### Information shown
>>

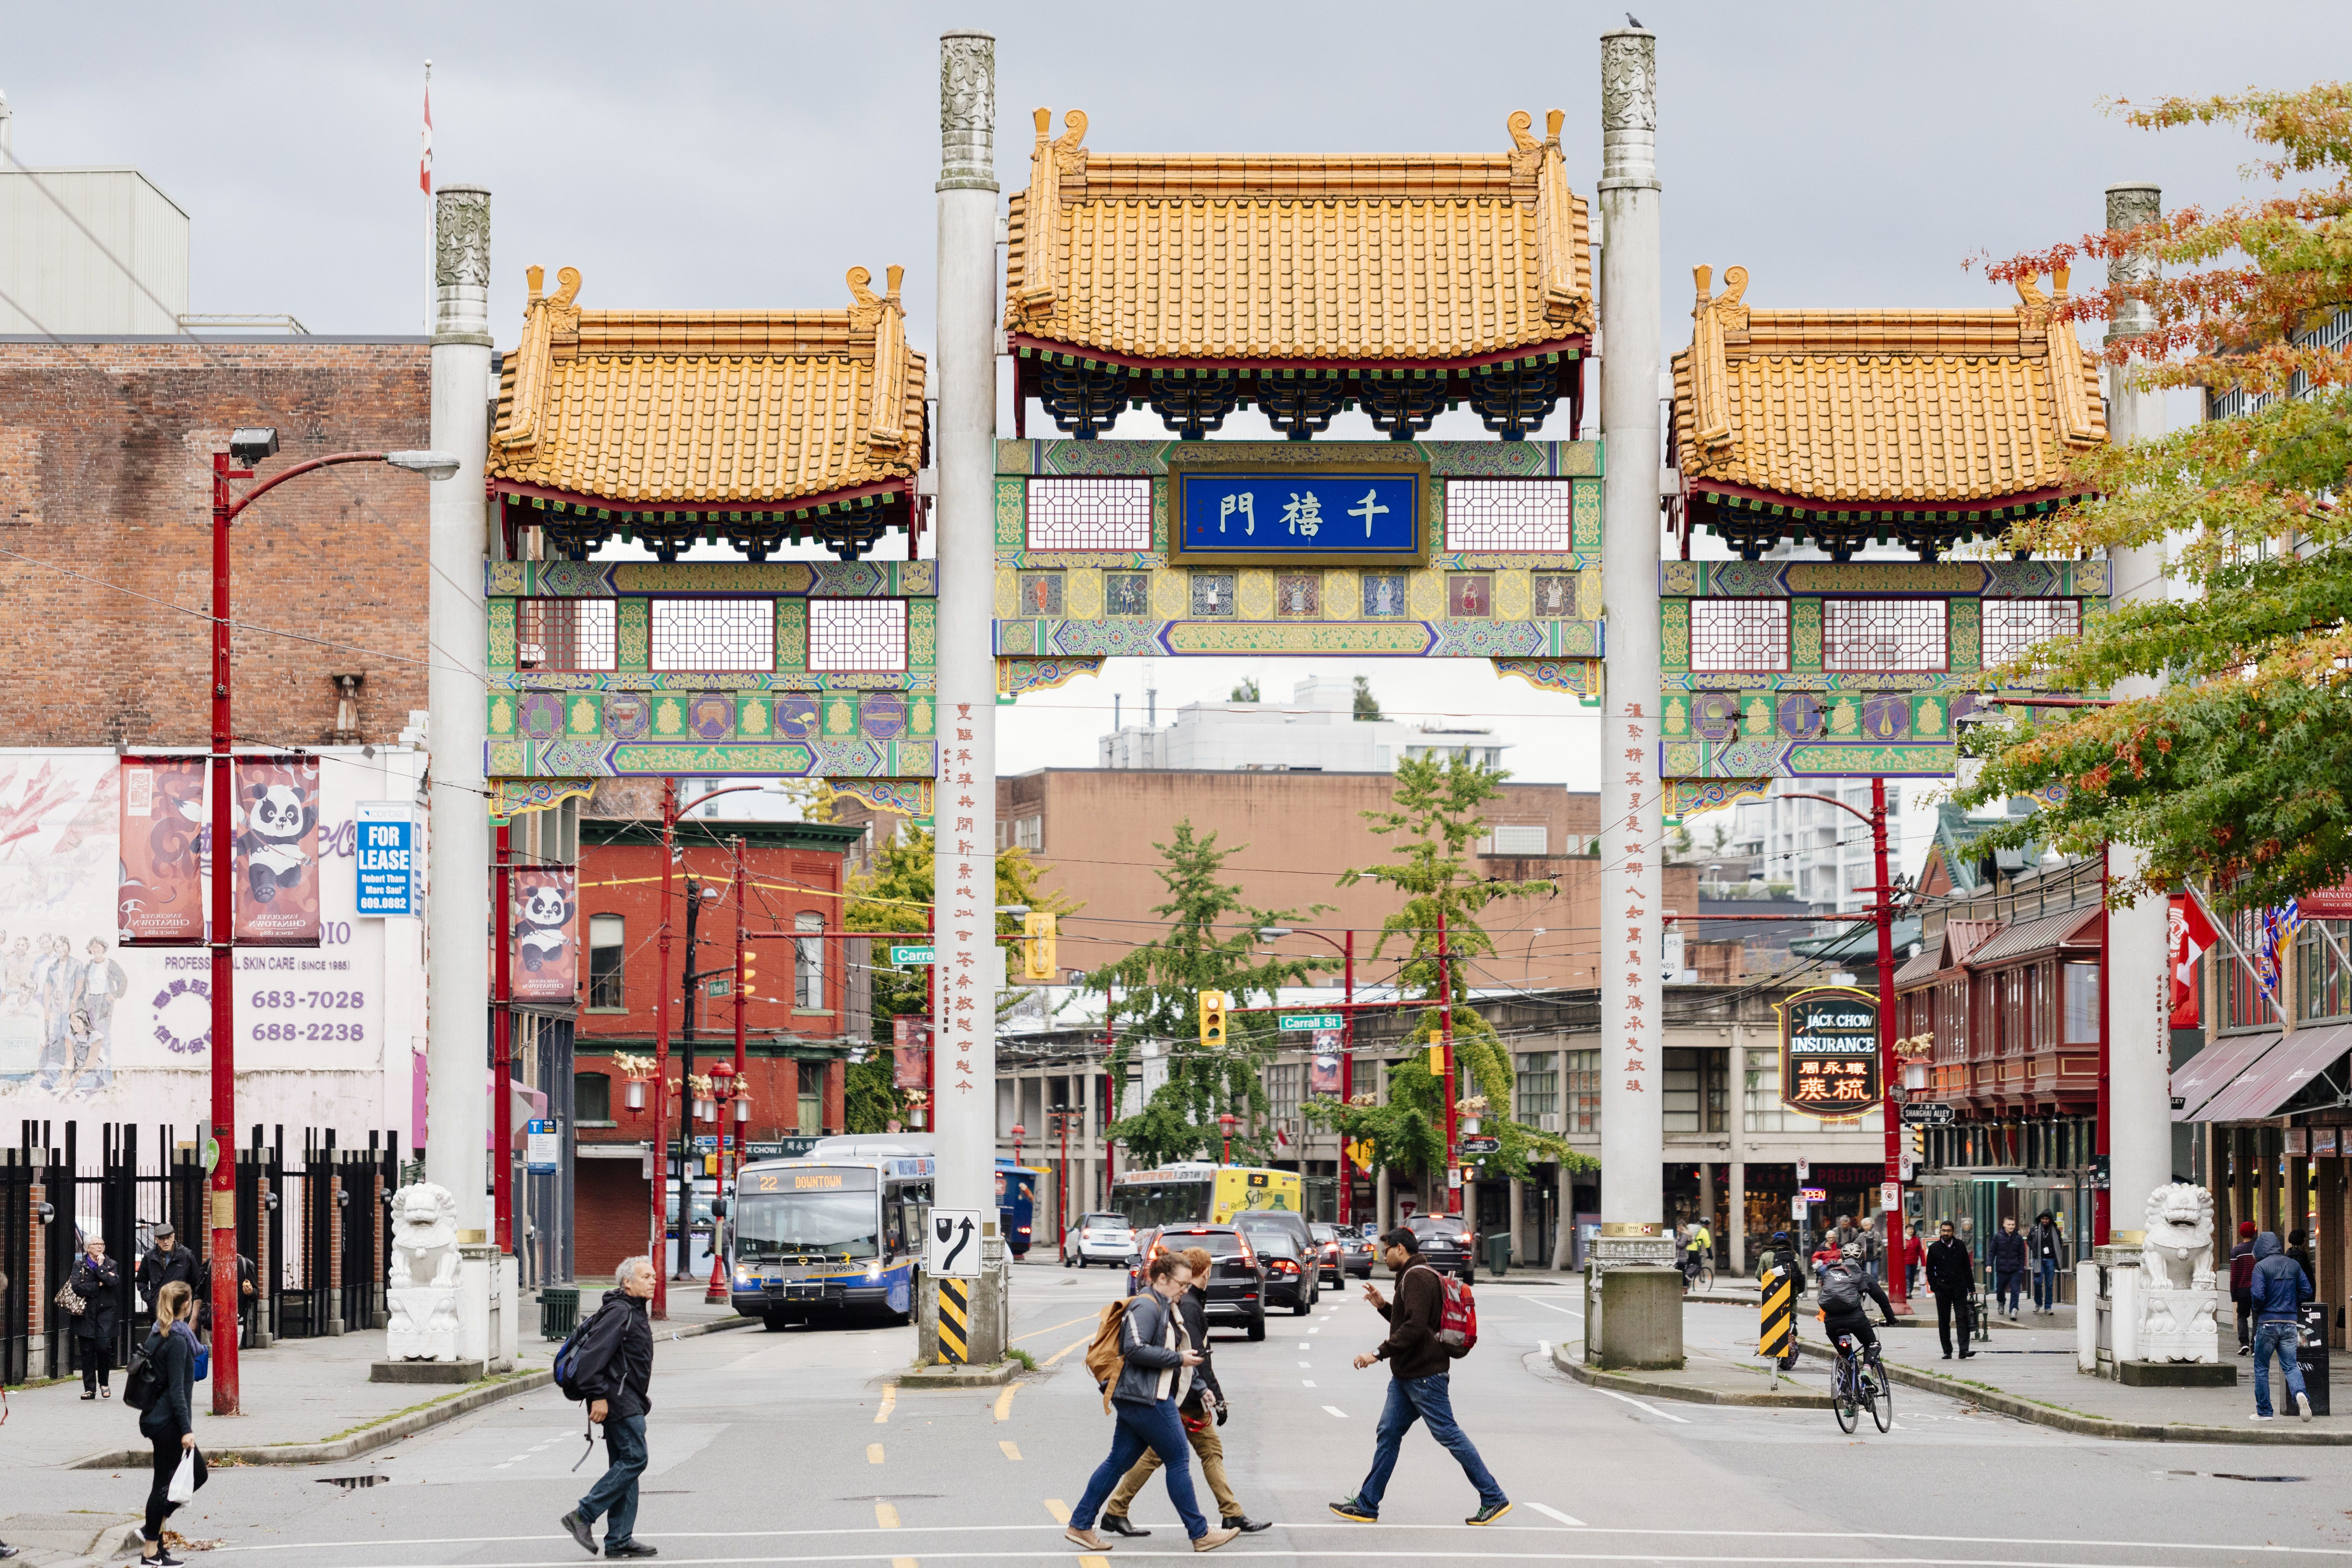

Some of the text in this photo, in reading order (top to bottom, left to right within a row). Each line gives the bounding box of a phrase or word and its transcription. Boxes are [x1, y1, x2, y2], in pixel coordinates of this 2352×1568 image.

[1219, 489, 1390, 538] 千禧門
[368, 826, 400, 847] FOR
[358, 850, 409, 870] LEASE
[362, 874, 406, 883] Robert Tham
[365, 886, 384, 894] Marc
[361, 897, 406, 909] 609.0882
[243, 957, 266, 970] SKIN
[269, 957, 295, 970] CARE
[252, 991, 364, 1008] 683-7028
[1285, 1017, 1337, 1028] Carrall St
[1806, 1015, 1874, 1029] JACK CHOW
[252, 1023, 364, 1041] 688-2238
[1791, 1037, 1876, 1052] INSURANCE
[1905, 1109, 1950, 1117] SHANGHAI ALLEY
[760, 1175, 842, 1190] 22 DOWNTOWN
[1254, 1176, 1263, 1184] 22
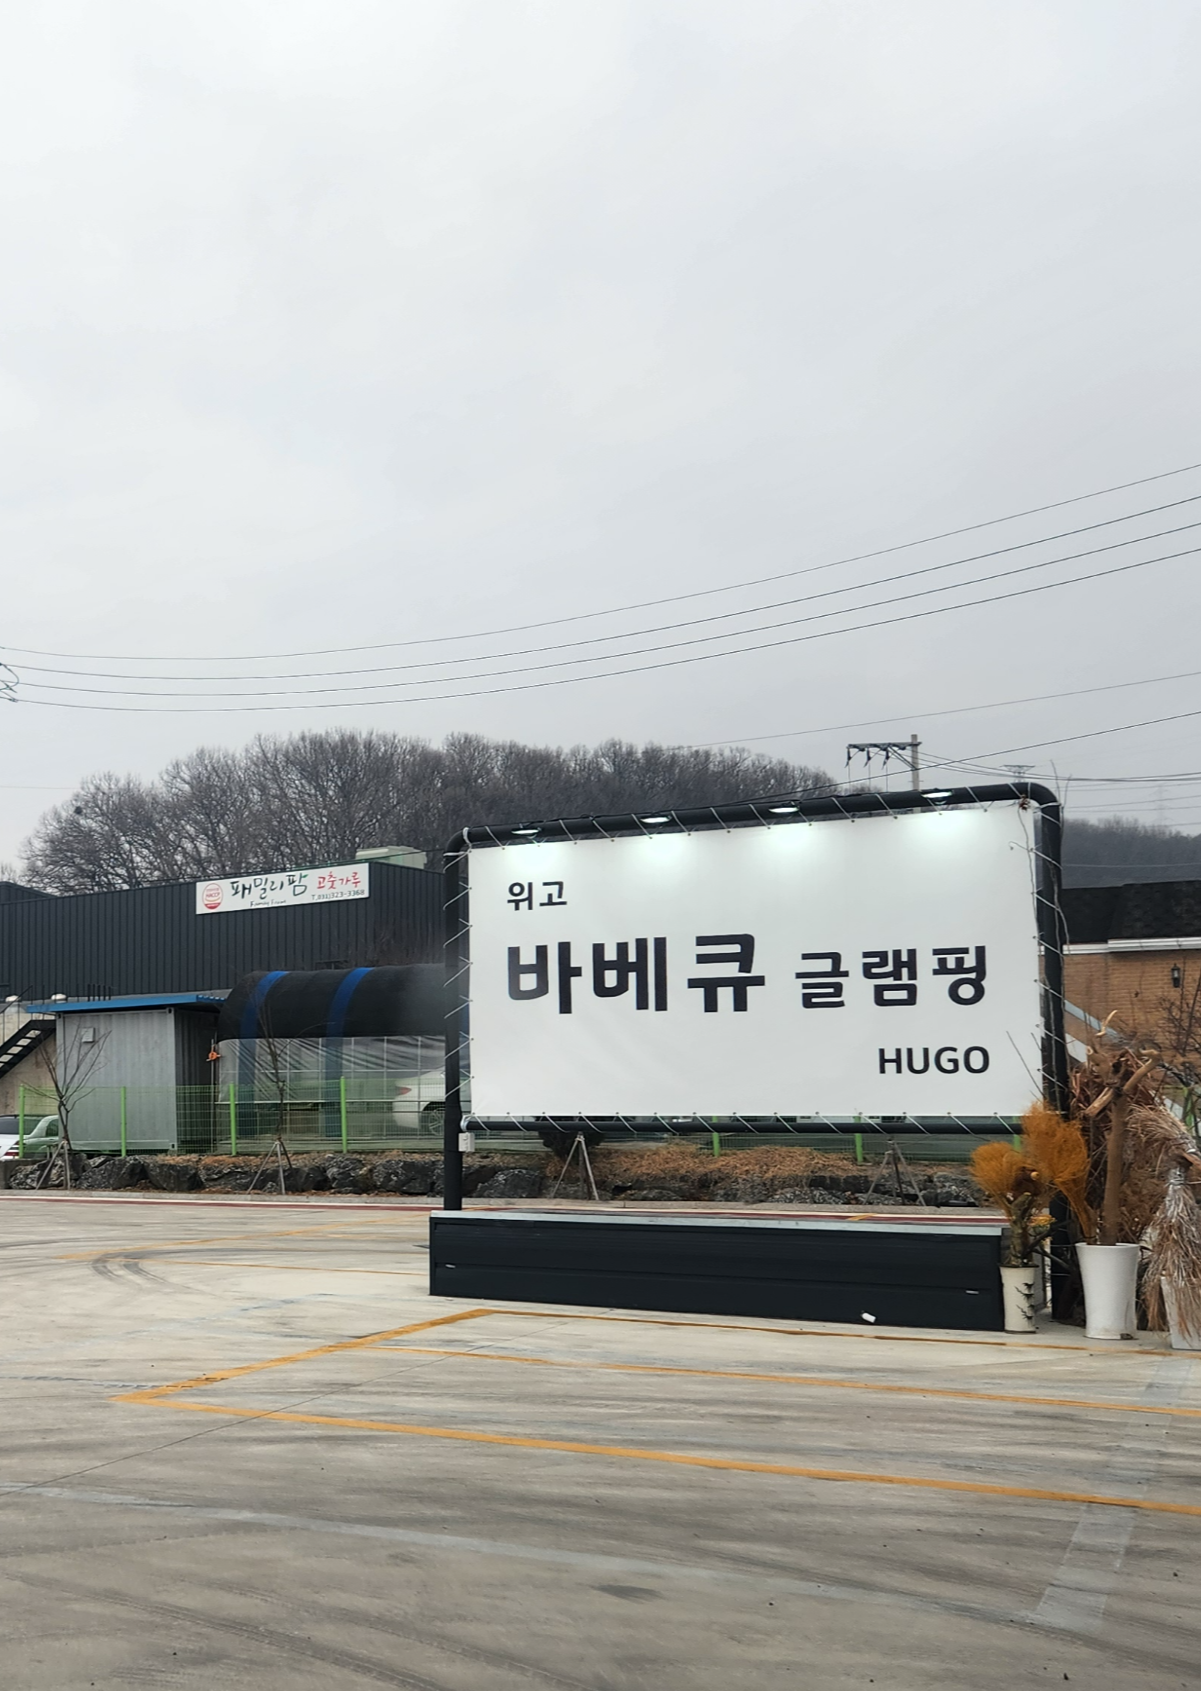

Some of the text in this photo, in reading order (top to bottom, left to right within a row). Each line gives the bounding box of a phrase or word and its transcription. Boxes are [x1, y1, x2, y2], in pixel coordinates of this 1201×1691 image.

[230, 871, 361, 900] 패밀리팜 고춧가루
[507, 881, 567, 911] 위고
[507, 933, 987, 1014] 바베큐 글램핑
[878, 1046, 990, 1075] HUGO

<<

### Exercise directions
With the pictures omitted, reproduce the records in full and exactly.

### Answer section
Some of the text in this photo, in reading order (top to bottom, left to right within a row). Each line gives the bounding box of a phrase or word and its transcription. Boxes are [x1, y1, x2, y2], in pixel coordinates of this 2352×1568 image.

[1219, 489, 1390, 538] 千禧門
[368, 826, 400, 847] FOR
[358, 850, 409, 870] LEASE
[362, 874, 406, 883] Robert Tham
[365, 886, 384, 894] Marc
[361, 897, 406, 909] 609.0882
[243, 957, 266, 970] SKIN
[269, 957, 295, 970] CARE
[252, 991, 364, 1008] 683-7028
[1285, 1017, 1337, 1028] Carrall St
[1806, 1015, 1874, 1029] JACK CHOW
[252, 1023, 364, 1041] 688-2238
[1791, 1037, 1876, 1052] INSURANCE
[1905, 1109, 1950, 1117] SHANGHAI ALLEY
[760, 1175, 842, 1190] 22 DOWNTOWN
[1254, 1176, 1263, 1184] 22

Some of the text in this photo, in reading order (top to bottom, left to right within a row). Each line gives the bounding box of a phrase or word and its transcription. Boxes are [x1, y1, x2, y2], in pixel coordinates of this 1201×1691 image.

[230, 871, 361, 900] 패밀리팜 고춧가루
[507, 881, 567, 911] 위고
[507, 933, 987, 1014] 바베큐 글램핑
[878, 1046, 990, 1075] HUGO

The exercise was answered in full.